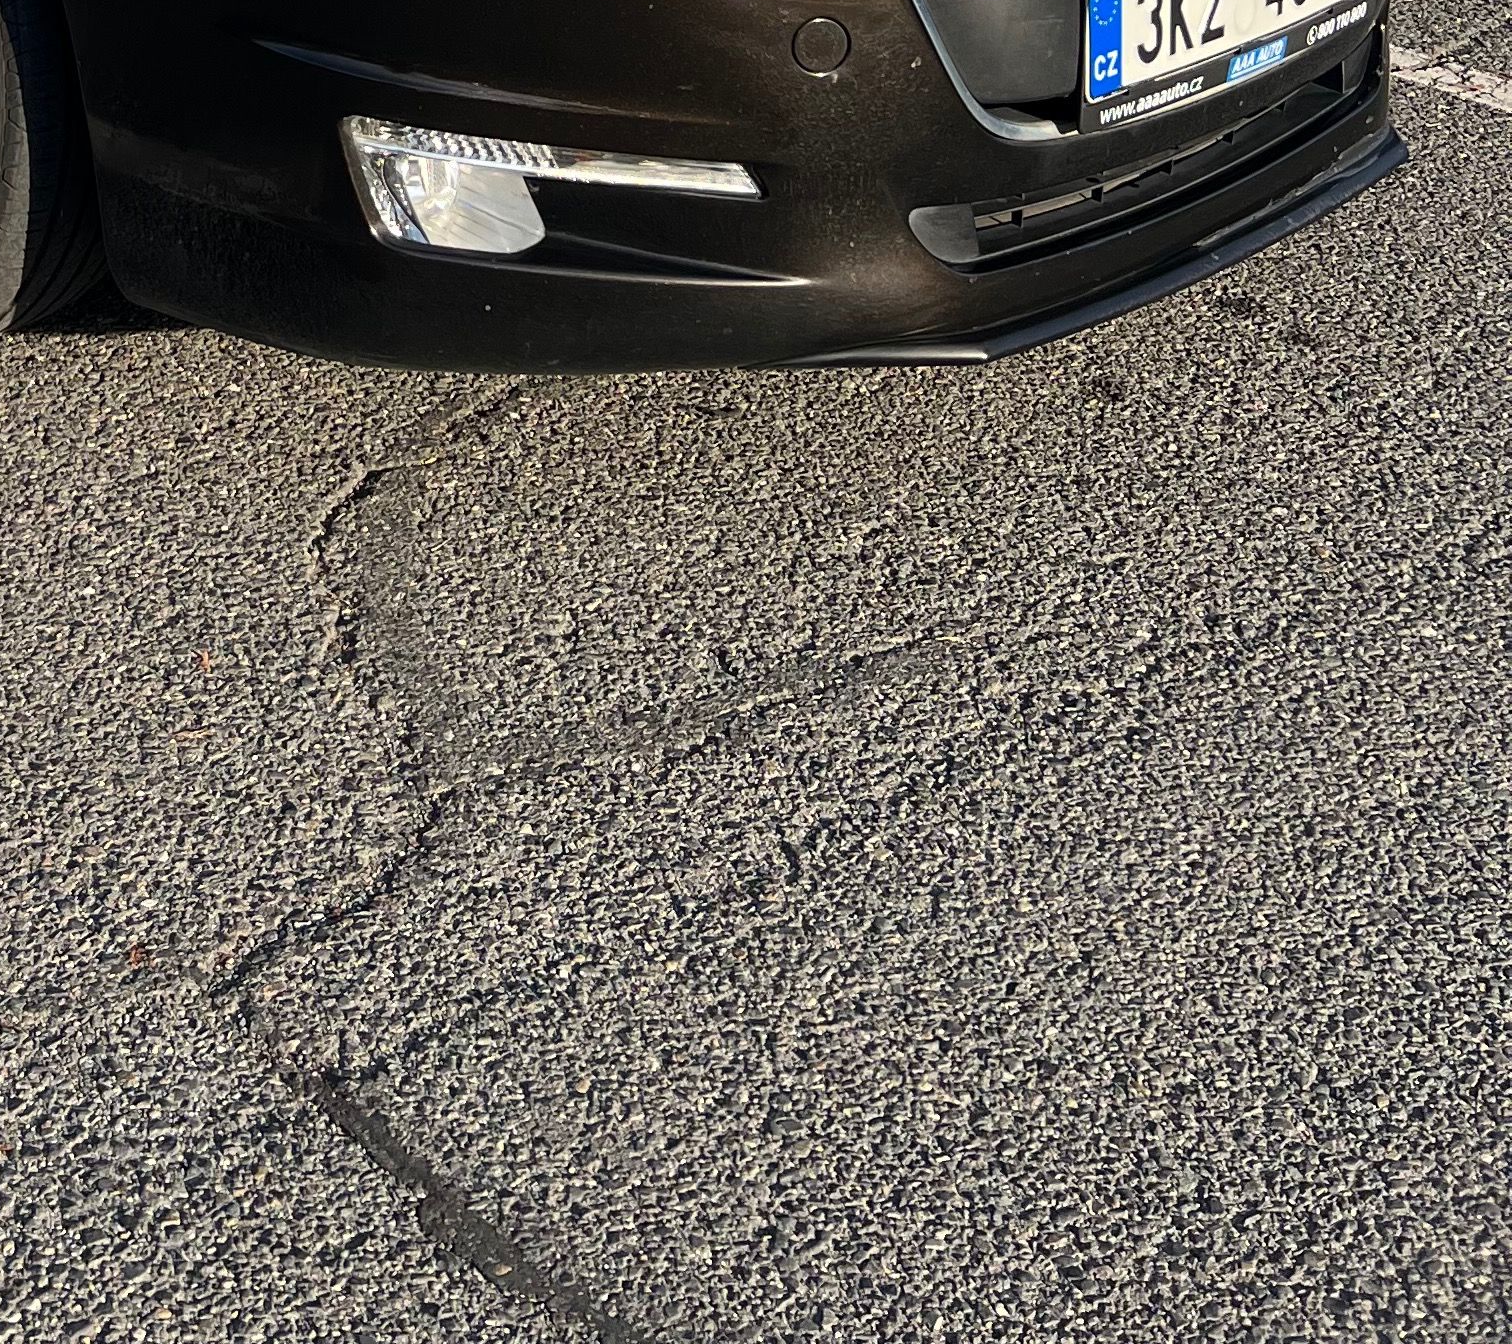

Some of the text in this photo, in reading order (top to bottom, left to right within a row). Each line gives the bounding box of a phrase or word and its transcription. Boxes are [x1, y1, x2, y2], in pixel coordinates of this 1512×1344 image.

[1094, 49, 1119, 81] CZ
[1232, 39, 1285, 72] AAA AUTO
[1099, 76, 1205, 124] www.aaaauto.cz
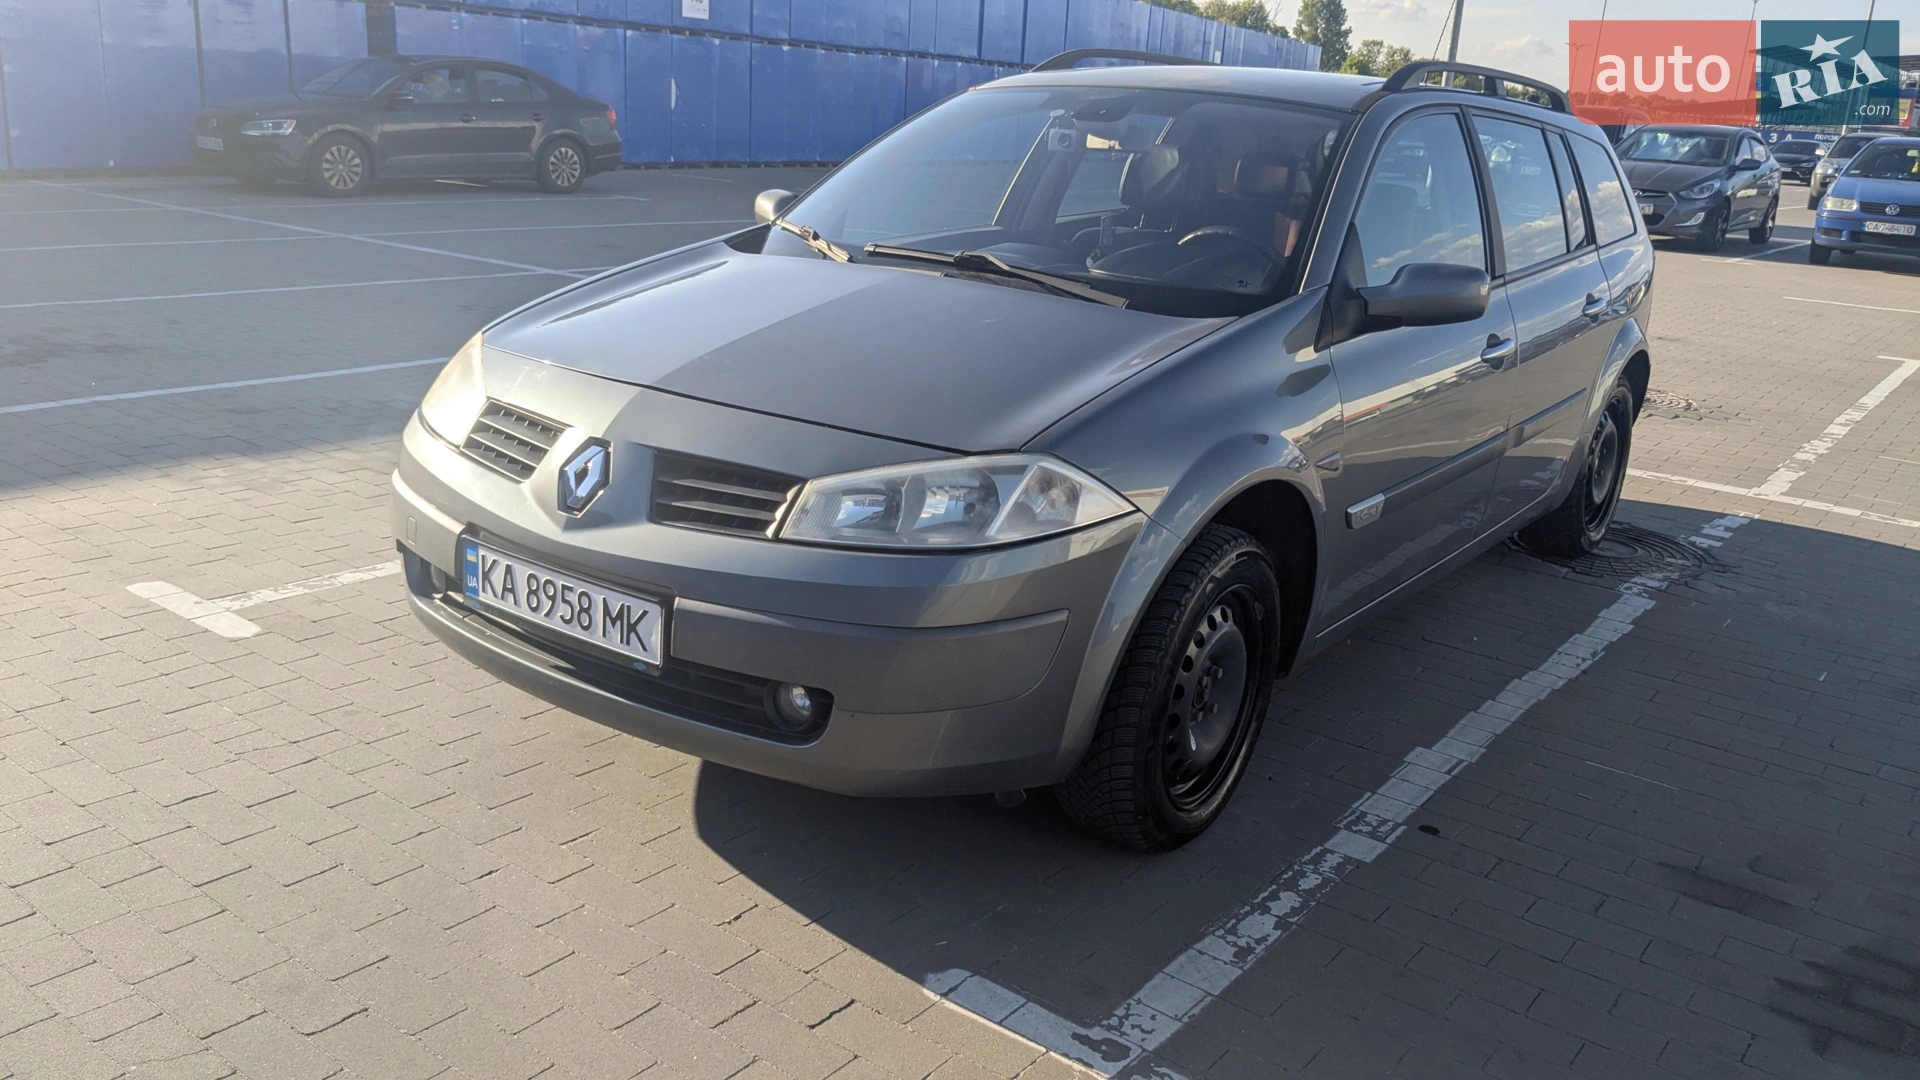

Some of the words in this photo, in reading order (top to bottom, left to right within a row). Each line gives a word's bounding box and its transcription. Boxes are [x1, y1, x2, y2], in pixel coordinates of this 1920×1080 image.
★ ★ ★ ★
* _YOUR GOAL_: Above are the records; give them all again exactly, apart from the pictures.

* _EXERCISE ANSWER_:
Some of the text in this photo, in reading order (top to bottom, left to right within a row). Each line gives the bounding box of a phrase or word and its transcription. Boxes are [x1, y1, x2, y2], in pixel coordinates of this 1512×1344 image.

[1094, 49, 1119, 81] CZ
[1232, 39, 1285, 72] AAA AUTO
[1099, 76, 1205, 124] www.aaaauto.cz

Some of the words in this photo, in reading order (top to bottom, left to right within a row). Each line gives a word's bounding box and its transcription. Boxes are [x1, y1, x2, y2], in pixel coordinates of this 1920×1080 image.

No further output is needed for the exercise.